Further to this, for the DoJ in particular, we do not envisage any circumstance whereby the DoJ would require source code outside the specific circumstances of criminal proceedings, for which a subpoena would surely be obtainable.
• Consequences for third-party and ‘off-the-shelf’ algorithms – As we noted in the AIMA Response, it is currently impossible for an AT Person utilising third-party algorithms and software to provide summary access to the source code of that third party software without then being in breach of confidentiality obligations to the third-party provider. We would also stress that this would not change even if such summary access rights were to be mandatory under Regulation AT – with providers likely simply to cease trading rather than risking their fundamental trade secrets.
The source code of third-party algorithm providers, as for AT Persons developing their own proprietary code, represents the fundamental source of commercial value to the third party provider. Algorithm providers, for example, maintain a significant degree of confidentiality protection even from their clients, with the underlying source code never actually being disclosed to the client. Information to clients is limited strictly to only the information needed to understand the high-level functioning and use the system.
In the context of third-party execution algorithms, AIMA notes that it is also not as simple as being able to disclose a single or set of algorithms responsible for best execution. To understand how an individual algorithm works requires disclosure of the entire platform of the third-party algorithm provider. This represents the career’s work of many such providers and their fundamental trade secrets, such that they would simply cease providing third-party software services to AT Persons rather than disclose it to either clients or the Commission in absence of a subpoena.
To require access and disclosure of third-party software source code – in particular best execution algorithms - would, therefore, result in a reduction in the number of providers willing to offer their services to AT Persons trading on US DCMs, a reduction in competition and a reduction in conditions of best execution on US DCMs at the expense of smaller market participants. AIMA, on behalf of buy-side participants, stresses the importance of avoiding this consequence.
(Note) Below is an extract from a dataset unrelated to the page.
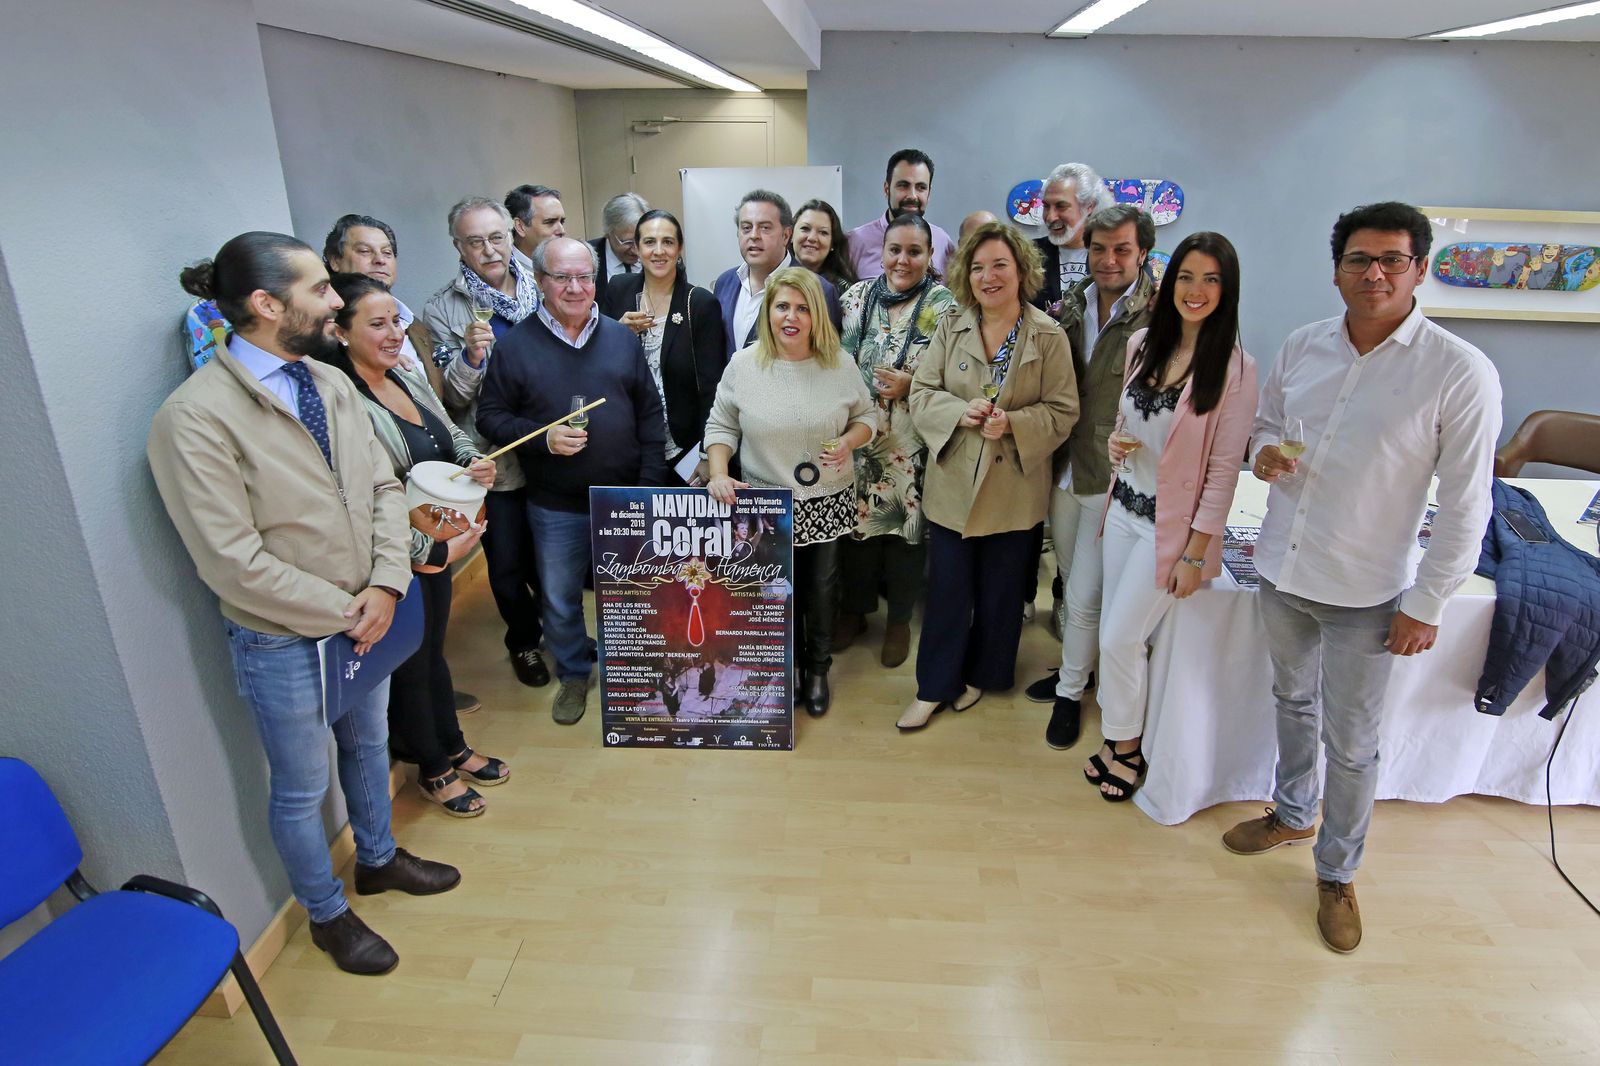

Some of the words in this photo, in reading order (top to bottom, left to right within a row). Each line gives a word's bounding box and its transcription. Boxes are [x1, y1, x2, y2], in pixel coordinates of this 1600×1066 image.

In response to the question posed by the roundtable agenda of which particular software or hardware components should be included within the term ‘Algorithmic Trading system’ to help ensure that appropriate systems are subject to the Regulation AT regime, it is AIMA’s belief that only those software and hardware components with a direct connection to markets with limited or no human intervention should be included. For example, AIMA has sought to ensure that pre-trade controls and testing rules are applied, as appropriate, to those algorithms that are actually responsible for the submission of orders to the market i.e., execution algorithms, rather than those algorithms that merely compute market data to reach particular investment decisions i.e., decision algorithms, unless those decision algorithms feed directly into an automated execution system with limited or no human intervention.